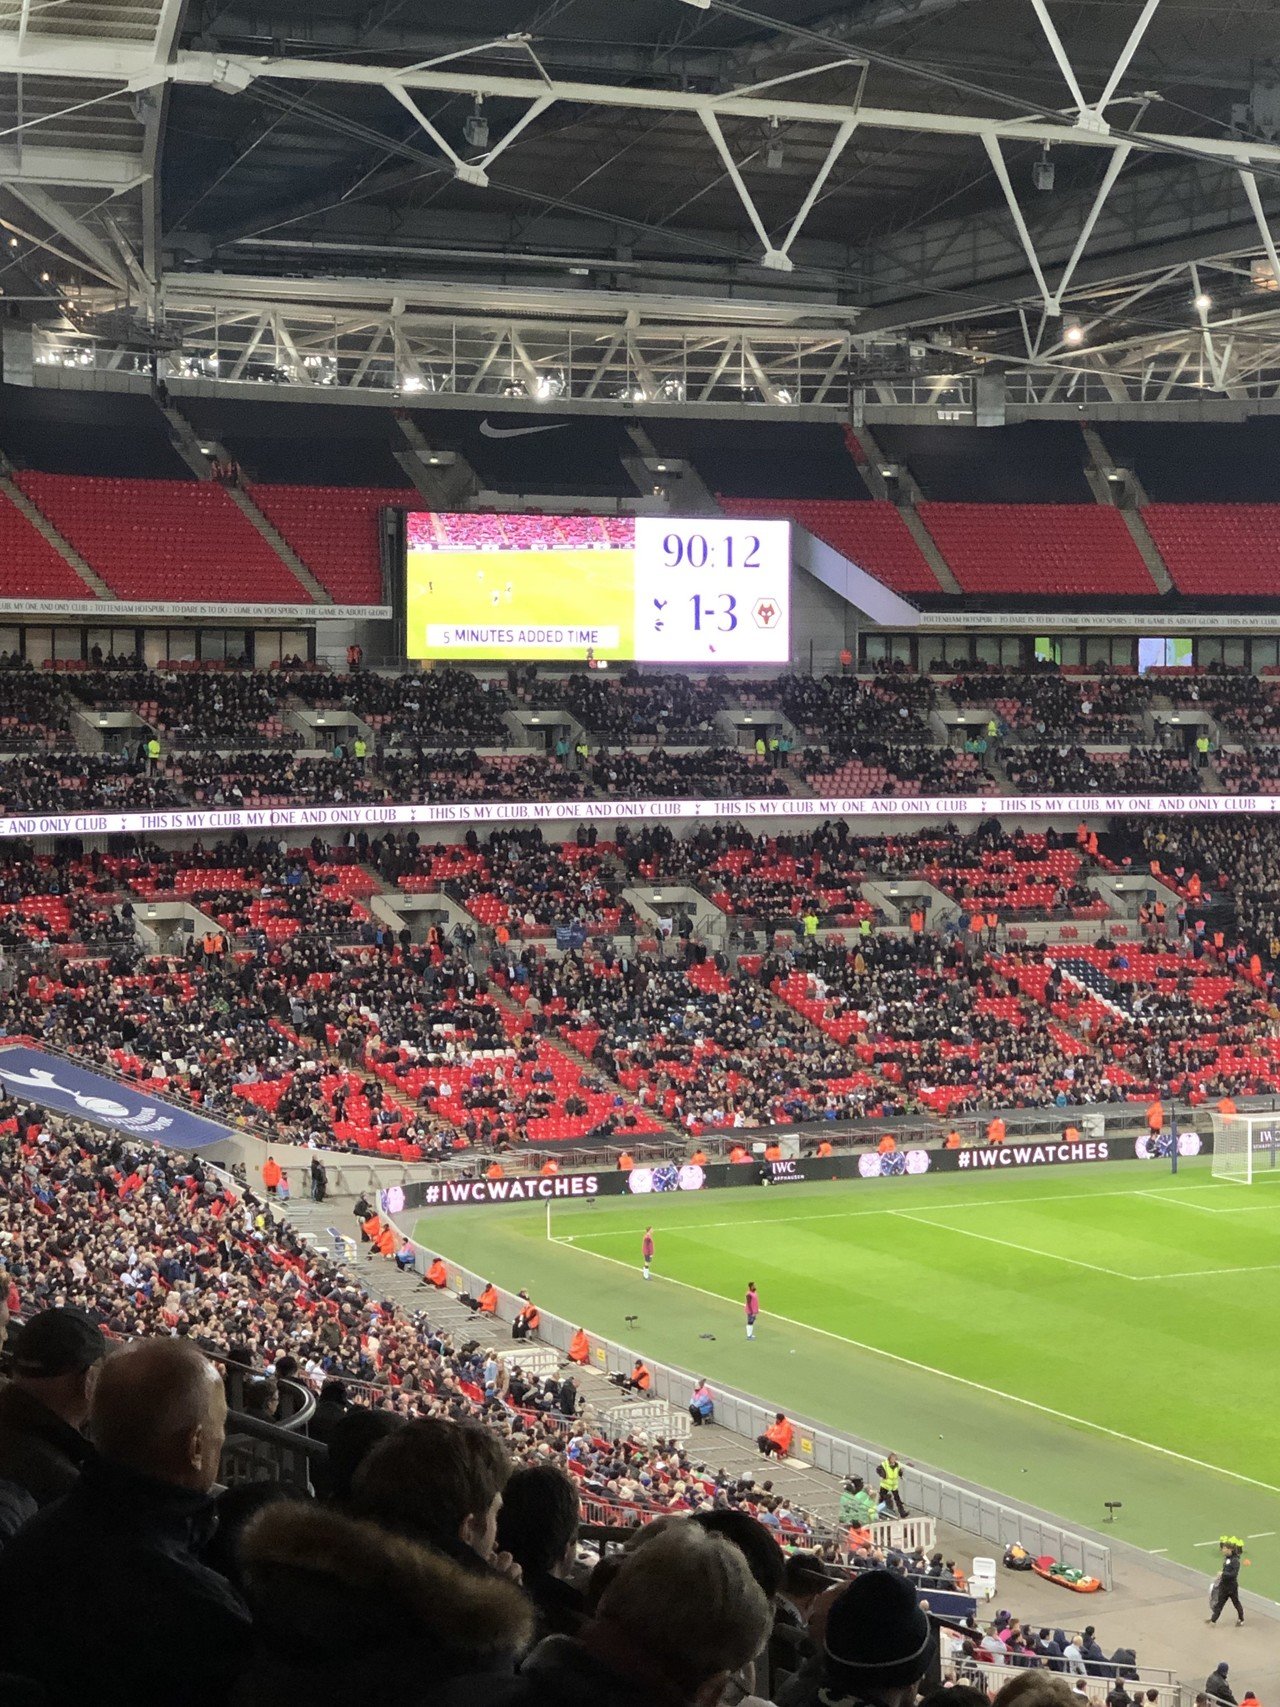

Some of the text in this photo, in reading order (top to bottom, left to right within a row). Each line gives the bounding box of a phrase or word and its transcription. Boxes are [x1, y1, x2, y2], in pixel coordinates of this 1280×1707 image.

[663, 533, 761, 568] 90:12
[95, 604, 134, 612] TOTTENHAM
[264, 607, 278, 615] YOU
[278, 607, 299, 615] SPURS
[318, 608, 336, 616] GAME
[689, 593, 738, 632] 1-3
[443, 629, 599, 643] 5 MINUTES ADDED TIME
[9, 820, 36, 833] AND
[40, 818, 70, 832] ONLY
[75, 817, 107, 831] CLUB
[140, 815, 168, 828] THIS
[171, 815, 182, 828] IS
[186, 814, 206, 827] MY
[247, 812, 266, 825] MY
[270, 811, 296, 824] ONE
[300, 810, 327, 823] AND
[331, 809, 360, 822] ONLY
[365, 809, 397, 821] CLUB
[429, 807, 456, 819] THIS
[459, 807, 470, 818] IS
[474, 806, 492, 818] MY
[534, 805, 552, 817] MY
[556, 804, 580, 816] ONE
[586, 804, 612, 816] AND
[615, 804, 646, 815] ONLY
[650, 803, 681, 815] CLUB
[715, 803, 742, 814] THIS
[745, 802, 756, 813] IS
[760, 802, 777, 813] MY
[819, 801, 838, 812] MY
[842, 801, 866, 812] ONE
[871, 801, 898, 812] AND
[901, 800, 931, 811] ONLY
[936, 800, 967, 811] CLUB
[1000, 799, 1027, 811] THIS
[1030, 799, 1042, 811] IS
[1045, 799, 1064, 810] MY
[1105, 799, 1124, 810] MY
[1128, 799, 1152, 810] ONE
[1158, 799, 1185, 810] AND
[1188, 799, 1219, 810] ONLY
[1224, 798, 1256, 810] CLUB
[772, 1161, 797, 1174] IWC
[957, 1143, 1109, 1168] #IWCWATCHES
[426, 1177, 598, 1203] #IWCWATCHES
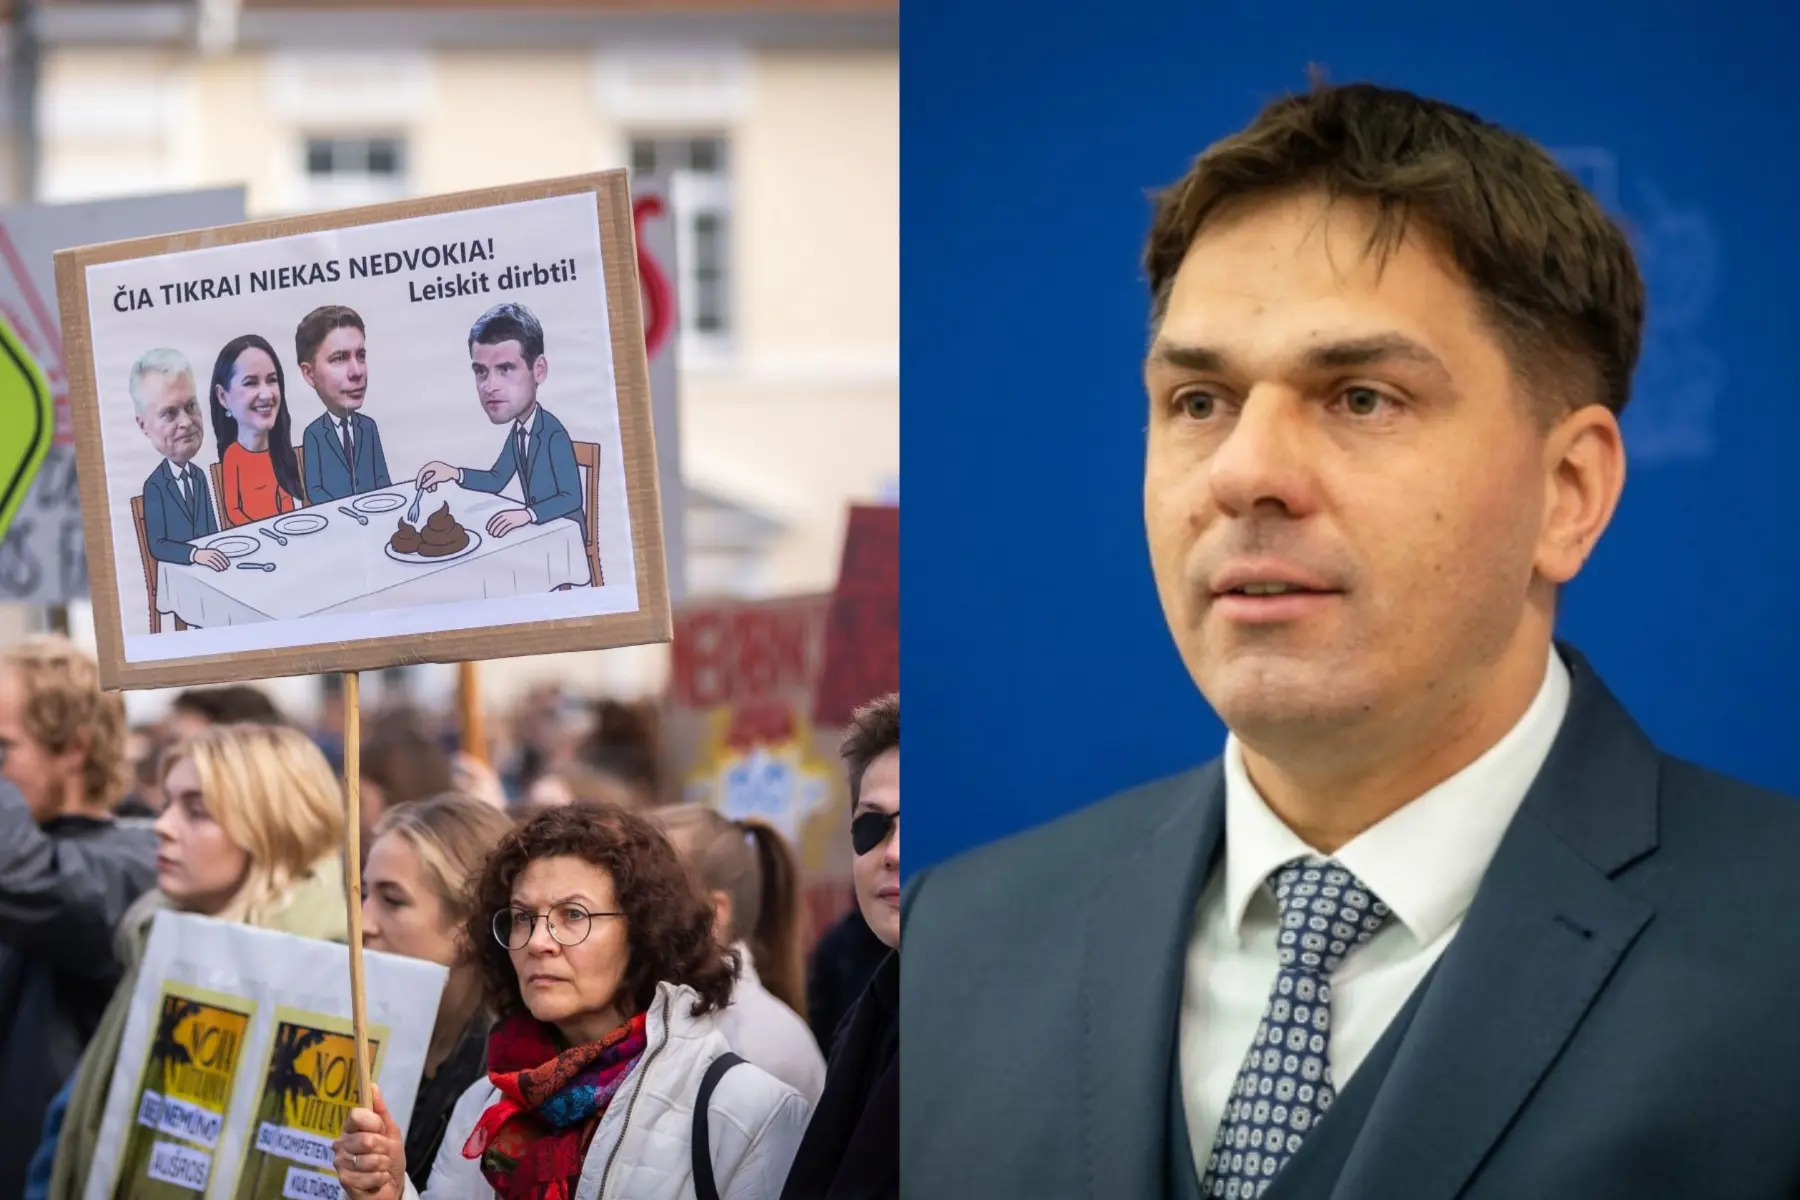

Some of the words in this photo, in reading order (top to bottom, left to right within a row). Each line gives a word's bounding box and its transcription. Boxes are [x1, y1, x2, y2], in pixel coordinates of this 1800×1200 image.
******
Return all the material exactly, skipping pictures.

▶ [WRITTEN SOLUTION]:
Some of the text in this photo, in reading order (top to bottom, left to right within a row). Each line gives the bounding box of a phrase or word and its transcription. Boxes are [x1, y1, x2, y2], in pixel coordinates of this 1280×1707 image.

[663, 533, 761, 568] 90:12
[95, 604, 134, 612] TOTTENHAM
[264, 607, 278, 615] YOU
[278, 607, 299, 615] SPURS
[318, 608, 336, 616] GAME
[689, 593, 738, 632] 1-3
[443, 629, 599, 643] 5 MINUTES ADDED TIME
[9, 820, 36, 833] AND
[40, 818, 70, 832] ONLY
[75, 817, 107, 831] CLUB
[140, 815, 168, 828] THIS
[171, 815, 182, 828] IS
[186, 814, 206, 827] MY
[247, 812, 266, 825] MY
[270, 811, 296, 824] ONE
[300, 810, 327, 823] AND
[331, 809, 360, 822] ONLY
[365, 809, 397, 821] CLUB
[429, 807, 456, 819] THIS
[459, 807, 470, 818] IS
[474, 806, 492, 818] MY
[534, 805, 552, 817] MY
[556, 804, 580, 816] ONE
[586, 804, 612, 816] AND
[615, 804, 646, 815] ONLY
[650, 803, 681, 815] CLUB
[715, 803, 742, 814] THIS
[745, 802, 756, 813] IS
[760, 802, 777, 813] MY
[819, 801, 838, 812] MY
[842, 801, 866, 812] ONE
[871, 801, 898, 812] AND
[901, 800, 931, 811] ONLY
[936, 800, 967, 811] CLUB
[1000, 799, 1027, 811] THIS
[1030, 799, 1042, 811] IS
[1045, 799, 1064, 810] MY
[1105, 799, 1124, 810] MY
[1128, 799, 1152, 810] ONE
[1158, 799, 1185, 810] AND
[1188, 799, 1219, 810] ONLY
[1224, 798, 1256, 810] CLUB
[772, 1161, 797, 1174] IWC
[957, 1143, 1109, 1168] #IWCWATCHES
[426, 1177, 598, 1203] #IWCWATCHES

Some of the words in this photo, in reading order (top to bottom, left to right within a row). Each line gives a word's bounding box and its transcription. Boxes are [x1, y1, x2, y2], in pixel coordinates of this 1800×1200 image.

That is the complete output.